Description of the task
Nothing but the line holding "this 960×1280 image." and the lines after it, through the end of the records, should be set down, each exactly as it is.

Material to process
-----

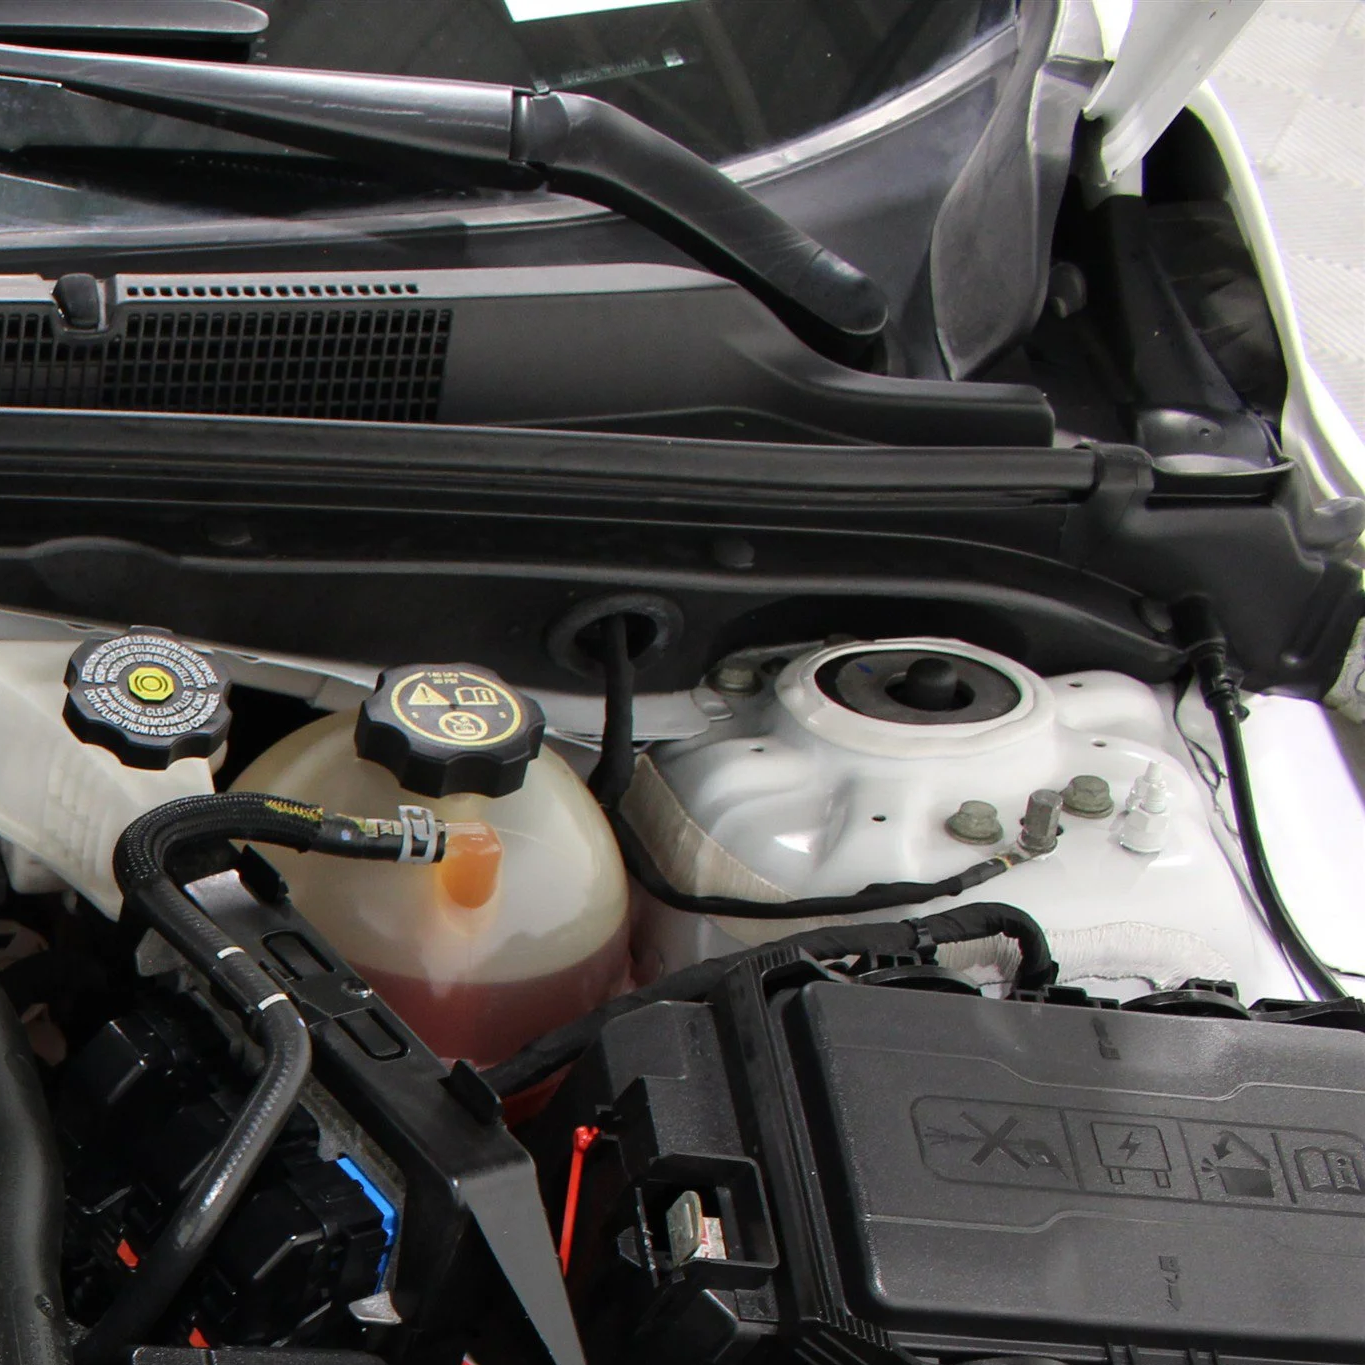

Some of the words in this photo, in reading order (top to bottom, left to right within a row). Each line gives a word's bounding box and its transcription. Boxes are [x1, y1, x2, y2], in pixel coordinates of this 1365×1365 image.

[106, 700, 139, 723] BEFORE
[145, 706, 176, 717] CLEAN
[173, 690, 194, 711] FILLER
[97, 706, 123, 724] FLUID
[121, 720, 149, 735] FROM
[157, 722, 192, 736] SEALED
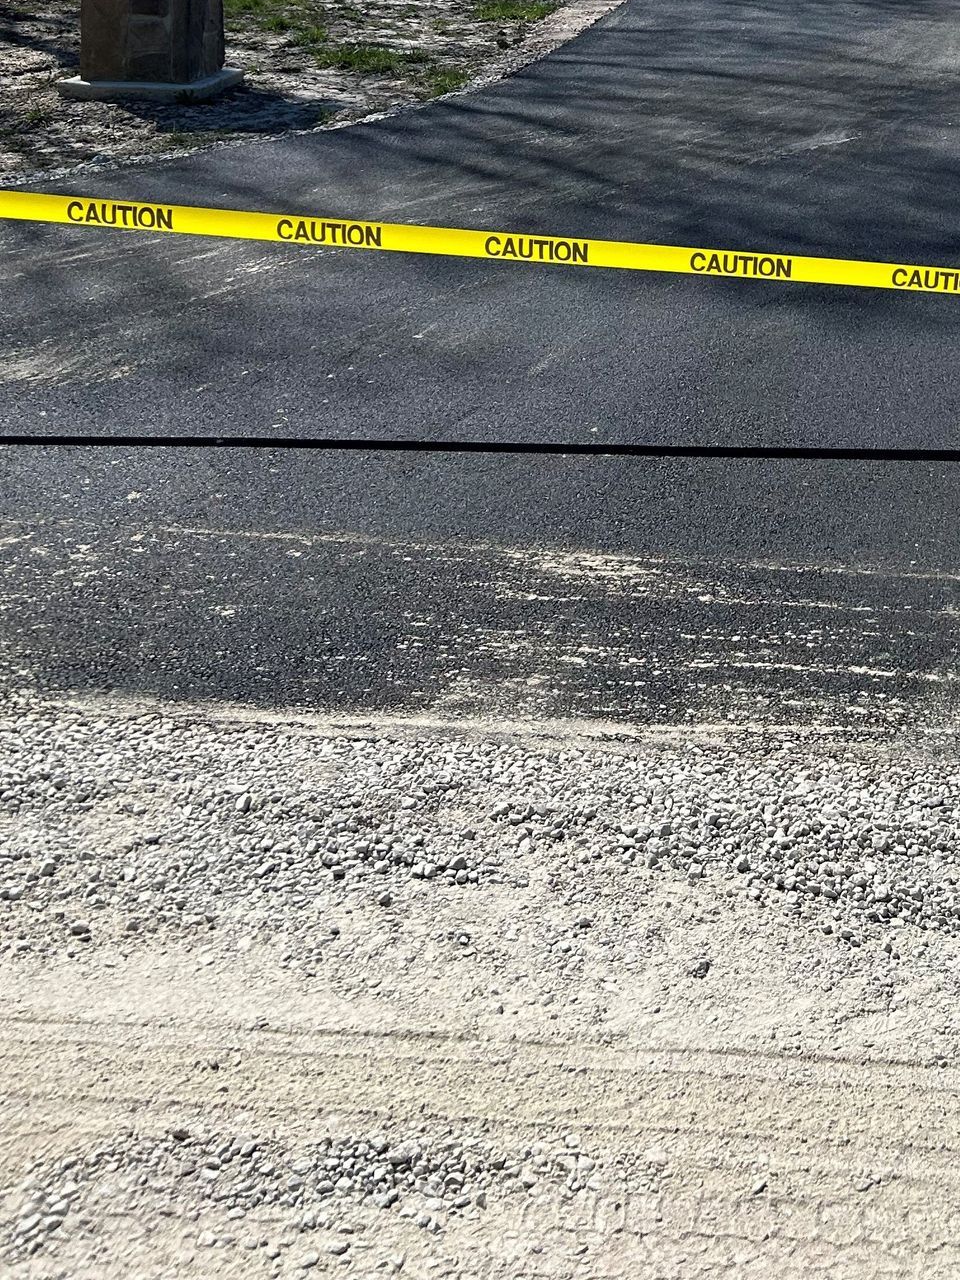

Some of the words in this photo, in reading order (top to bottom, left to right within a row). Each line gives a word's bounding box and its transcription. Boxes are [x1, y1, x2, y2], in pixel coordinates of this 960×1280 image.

[67, 201, 173, 229] CAUTION
[276, 219, 382, 245] CAUTION
[484, 235, 589, 262] CAUTION
[690, 252, 792, 278] CAUTION

-----

Solved exercise
Some of the words in this photo, in reading order (top to bottom, left to right within a row). Each line gives a word's bounding box and its transcription. Boxes are [x1, y1, x2, y2], in pixel coordinates of this 960×1280 image.

[67, 201, 173, 229] CAUTION
[276, 219, 382, 245] CAUTION
[484, 235, 589, 262] CAUTION
[690, 252, 792, 278] CAUTION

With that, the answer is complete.